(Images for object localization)
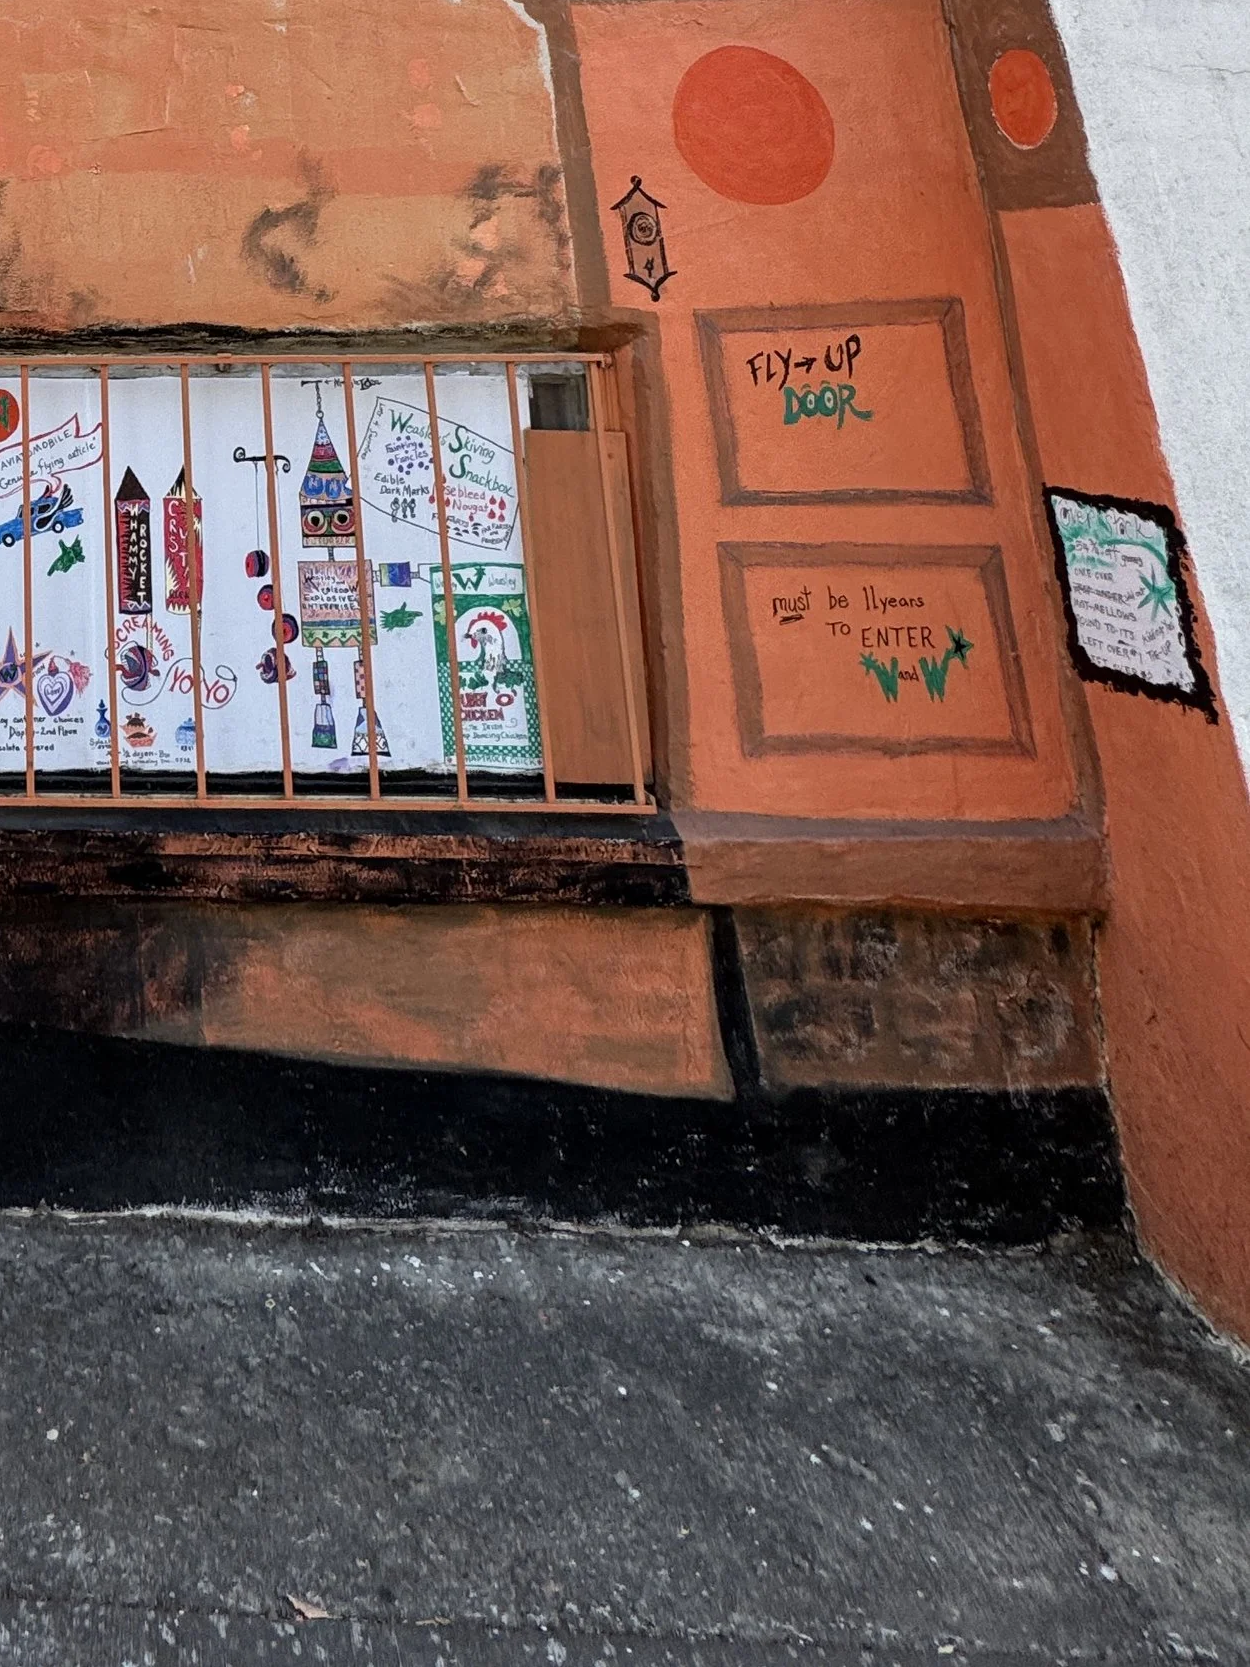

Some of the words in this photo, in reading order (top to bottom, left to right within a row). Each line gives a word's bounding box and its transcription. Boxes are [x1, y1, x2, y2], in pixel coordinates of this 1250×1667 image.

[824, 334, 862, 379] UP
[373, 472, 406, 485] Edible
[449, 454, 515, 498] Snackbox
[137, 524, 149, 604] ROCKET
[772, 585, 812, 617] must
[826, 585, 850, 610] be
[825, 620, 851, 637] TO
[861, 626, 936, 650] ENTER
[898, 666, 920, 683] and

▸ EXERCISE DETAILS: Could you please return the entries above exactly, minus the pictures?

▸ EXERCISE RESPONSE:
Some of the words in this photo, in reading order (top to bottom, left to right within a row). Each line gives a word's bounding box and its transcription. Boxes are [x1, y1, x2, y2], in pixel coordinates of this 1250×1667 image.

[824, 334, 862, 379] UP
[373, 472, 406, 485] Edible
[449, 454, 515, 498] Snackbox
[137, 524, 149, 604] ROCKET
[772, 585, 812, 617] must
[826, 585, 850, 610] be
[825, 620, 851, 637] TO
[861, 626, 936, 650] ENTER
[898, 666, 920, 683] and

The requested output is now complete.